Note that access to the TCS is not enabled by default. We ask that people justify the need for this highly specialized machine. Contact us explaining the nature of your work if you want access to the TCS. In particular, applications should scale well to 64 processes/threads to run on this system.
Your home directory is in $HOME; you have 50GB there that is backed up. This directory is seen as read-only by the compute nodes! Thus, to run jobs, you'll use the $SCRATCH directory. Here, there is a large amount of disk space, but it is not backed up. Thus it makes sense to keep your codes in $HOME, compile there, and then run them in the $SCRATCH directory.
The IBM compilers are xlc/xlC/xlf for C/C++/Fortran. Documentation about them, including relevant compiler flags, can be found here. For OpenMP or other threaded applications, use the `reentrant-safe' versions of them, xlc_r, xlC_r, and xlf_r. For MPI applications, the scripts mpcc/mpCC/mpxlf are wrappers for the compilers which include the appropriate flags to use the IBM MPI libraries. Hybrid applications will need to use mpcc_r/mpCC_r/mpxlf_r.

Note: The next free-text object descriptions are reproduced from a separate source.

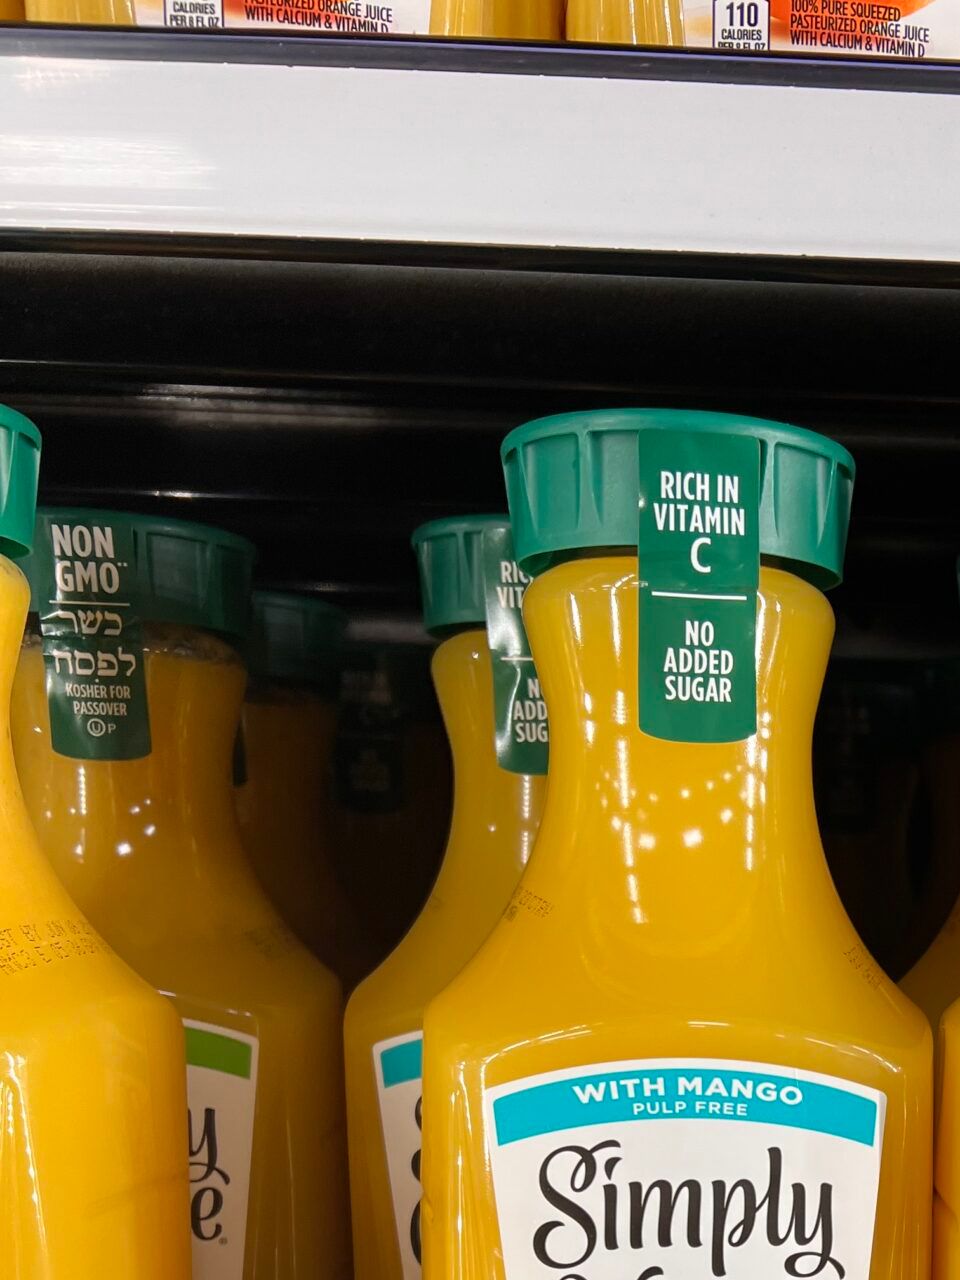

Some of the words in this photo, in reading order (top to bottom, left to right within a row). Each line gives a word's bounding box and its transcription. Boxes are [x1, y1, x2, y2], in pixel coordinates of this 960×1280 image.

[172, 2, 215, 15] CALORIES
[245, 6, 274, 22] WITH
[276, 10, 321, 28] CALCIUM
[317, 0, 362, 17] ORANGE
[364, 6, 393, 22] JUICE
[726, 2, 758, 27] 110
[821, 0, 848, 16] PURE
[850, 2, 900, 22] SQUEEZED
[721, 29, 762, 41] CALORIES
[790, 14, 857, 32] PASTEURIZED
[859, 20, 900, 37] ORANGE
[902, 26, 929, 43] JUICE
[790, 30, 817, 46] WITH
[819, 33, 862, 49] CALCIUM
[875, 39, 915, 57] VITAMIN
[660, 471, 709, 501] RICH
[717, 475, 739, 503] IN
[653, 503, 745, 536] VITAMIN
[51, 524, 115, 559] NON
[690, 537, 712, 573] C
[56, 561, 120, 594] GMO
[685, 620, 715, 647] NO
[663, 648, 733, 675] ADDED
[66, 683, 107, 699] KOSHER
[109, 683, 131, 699] FOR
[665, 676, 732, 703] SUGAR
[73, 701, 128, 716] PASSOVER
[572, 1077, 666, 1105] WITH
[677, 1076, 804, 1106] MANGO
[633, 1102, 693, 1116] PULP
[695, 1101, 749, 1117] FREE
[532, 1139, 846, 1280] Simply

To ensure that your code works before submitting it to the queue, you can interactively run short, small test jobs on tcs01 or tcs02; you can also run short, small jobs analyzing your data on these machines. Instructions can be found in the FAQ.
Node configuration
Each node has 16 processors, each with 2 independent cores. Thus, to fully utilize the node, at least 32 tasks are required. Because there are so few of these nodes compared to the GPC, jobs must use at least 32 tasks or they will be killed automatically.

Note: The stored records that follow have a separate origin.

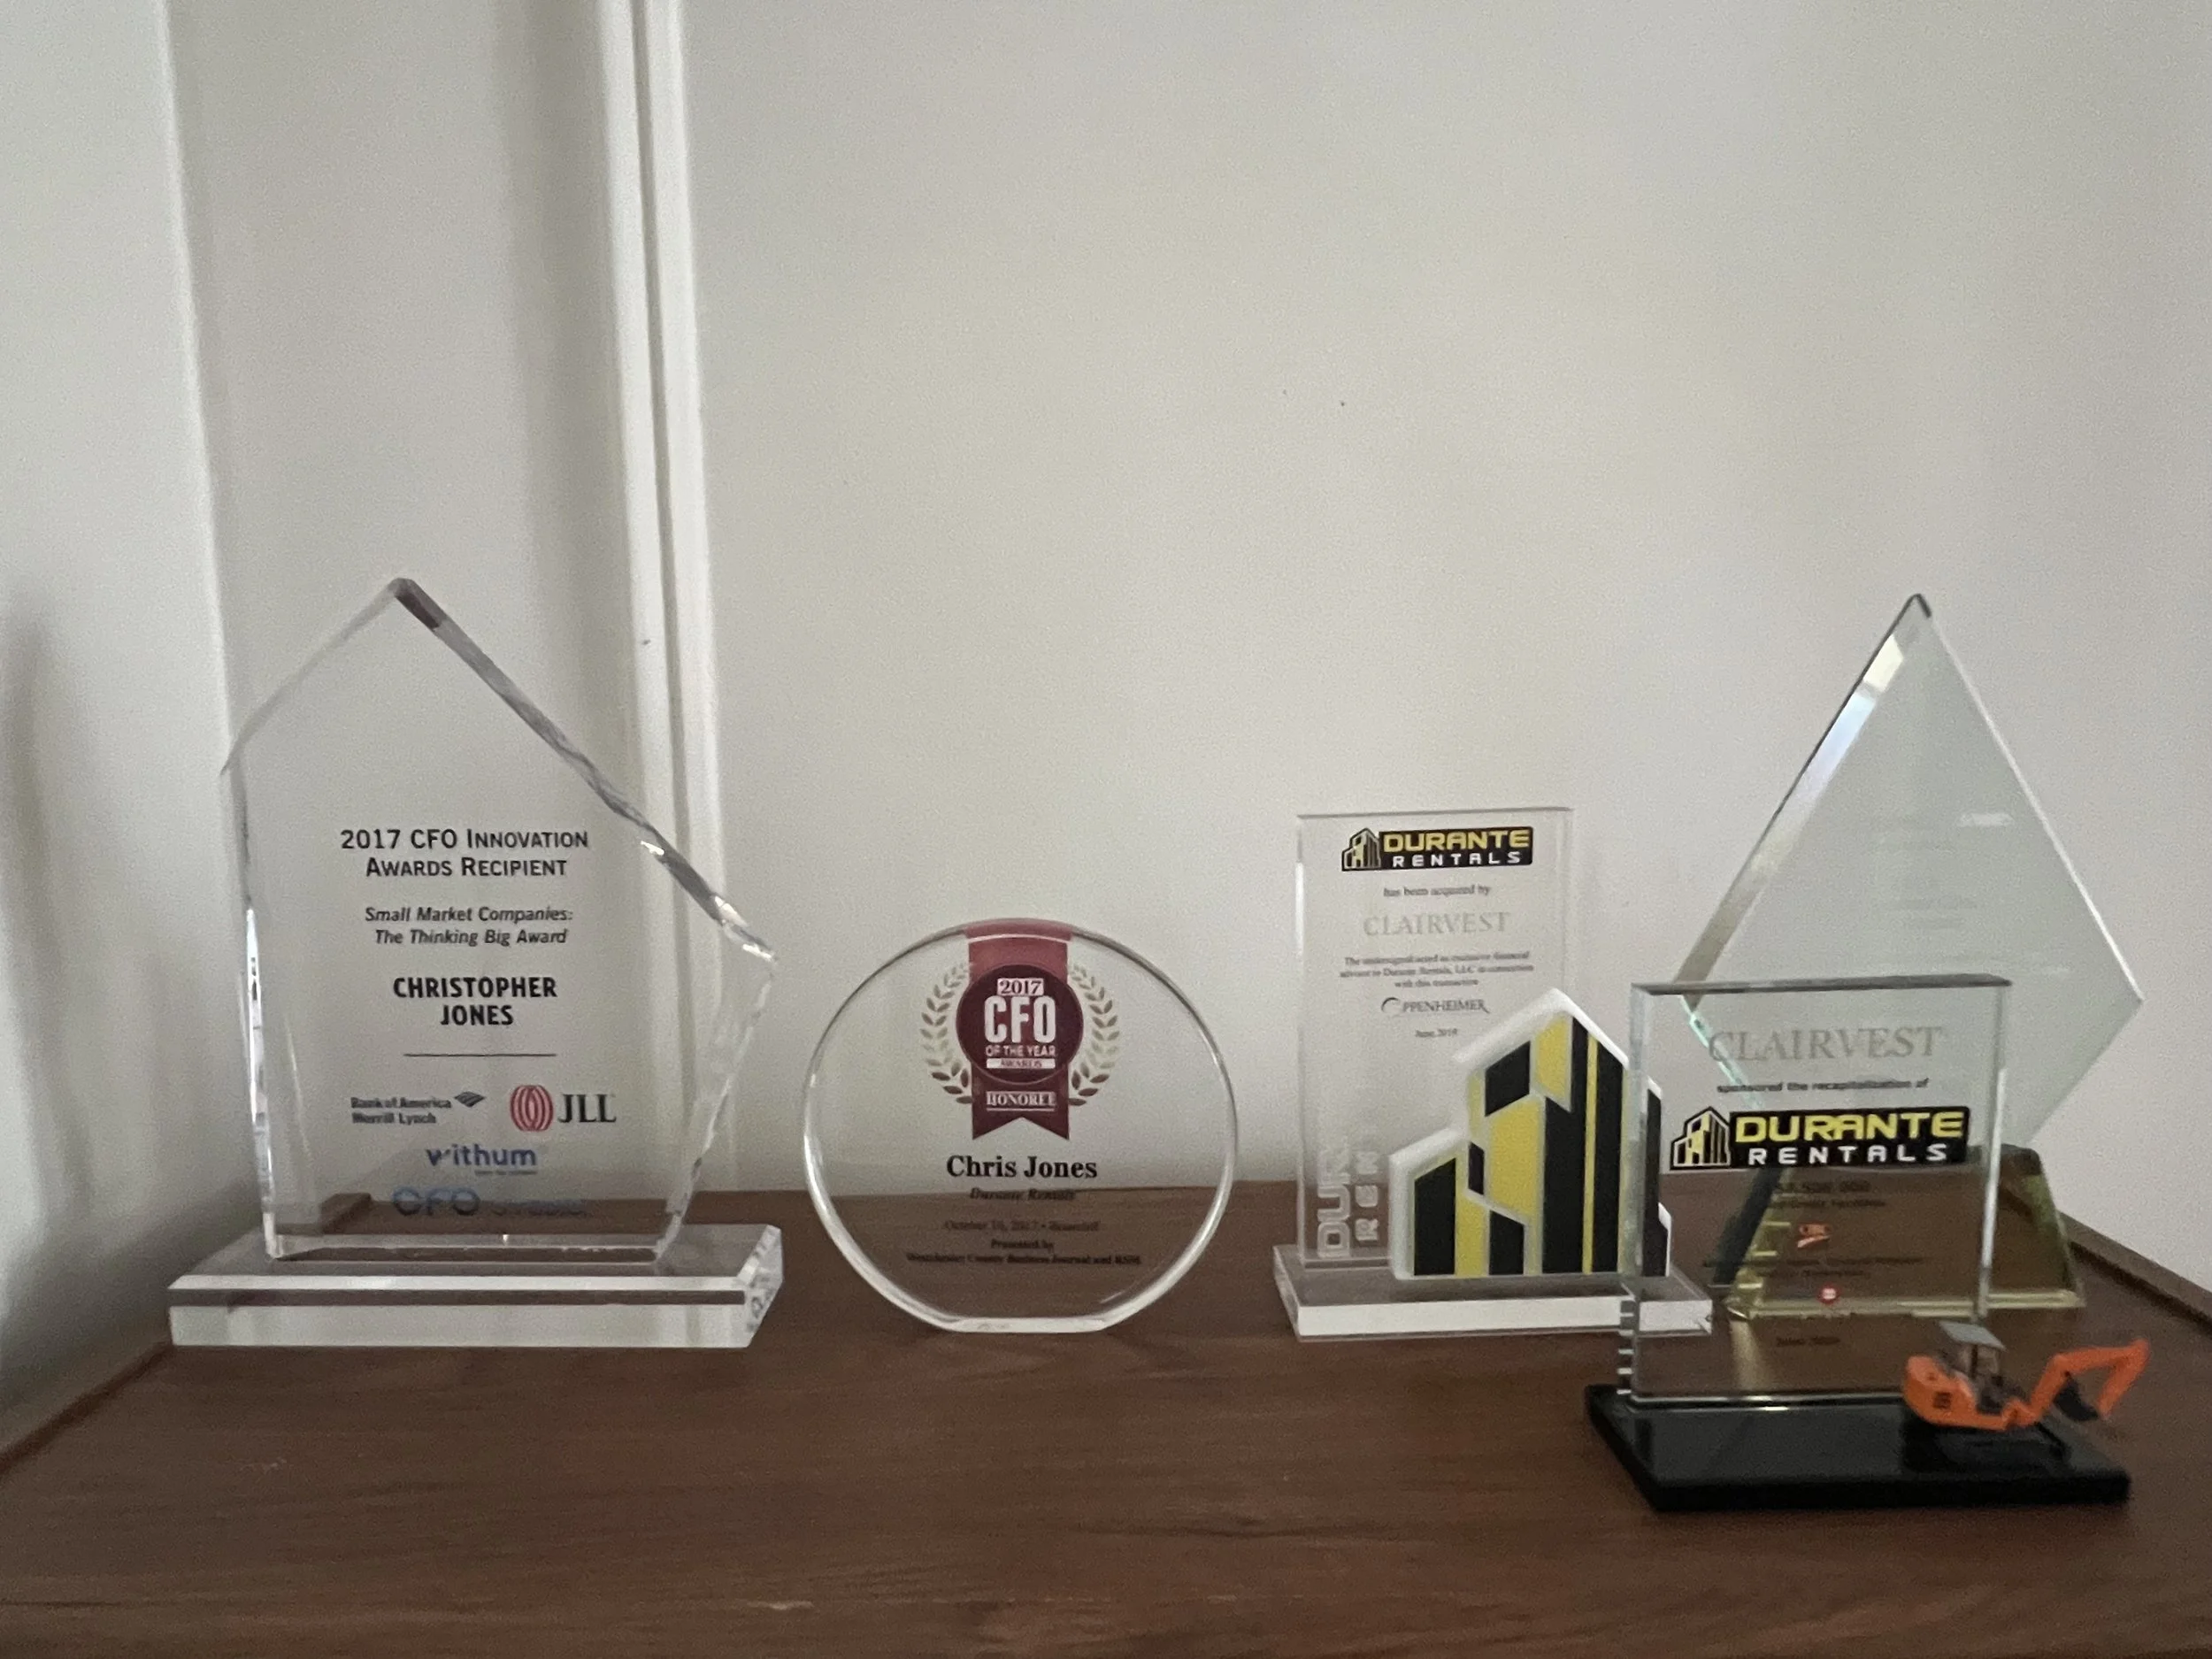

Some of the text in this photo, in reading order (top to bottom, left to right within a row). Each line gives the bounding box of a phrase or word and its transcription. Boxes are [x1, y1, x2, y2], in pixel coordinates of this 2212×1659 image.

[341, 829, 400, 849] 2017
[411, 829, 457, 849] CFO
[1383, 830, 1530, 853] DURANTE
[1392, 851, 1521, 868] RENTALS
[365, 907, 573, 925] Small Market Companies:
[1363, 911, 1511, 936] CLAIRVEST
[375, 929, 568, 947] The Thinking Big Award
[393, 977, 557, 998] CHRISTOPHER
[1000, 980, 1041, 995] 2017
[441, 1004, 514, 1025] JONES
[984, 995, 1056, 1043] CFO
[986, 1045, 1056, 1056] OF THE YEAR
[1709, 1026, 1942, 1062] CLAIRVEST
[557, 1094, 617, 1124] JLL
[987, 1092, 1056, 1106] HONOREE
[1735, 1111, 1965, 1142] DURANTE
[1747, 1143, 1948, 1166] RENTALS
[946, 1155, 1098, 1179] Chris Jones

In fact, the Power6 series of processors has a facility called Simultaneous Multi Threading (SMT) which allows two tasks to be very efficiently bound to each core. Because most applications spend a lot of time waiting for data from memory, this allows the second task to use the processor while the first is stuck waiting for memory, and vice versa. This requires no changes to the code, only running 64 rather than 32 tasks on the node. Real applications run by early users suggest that this gives a speedup of 1.4x to 1.9x for no user work at all!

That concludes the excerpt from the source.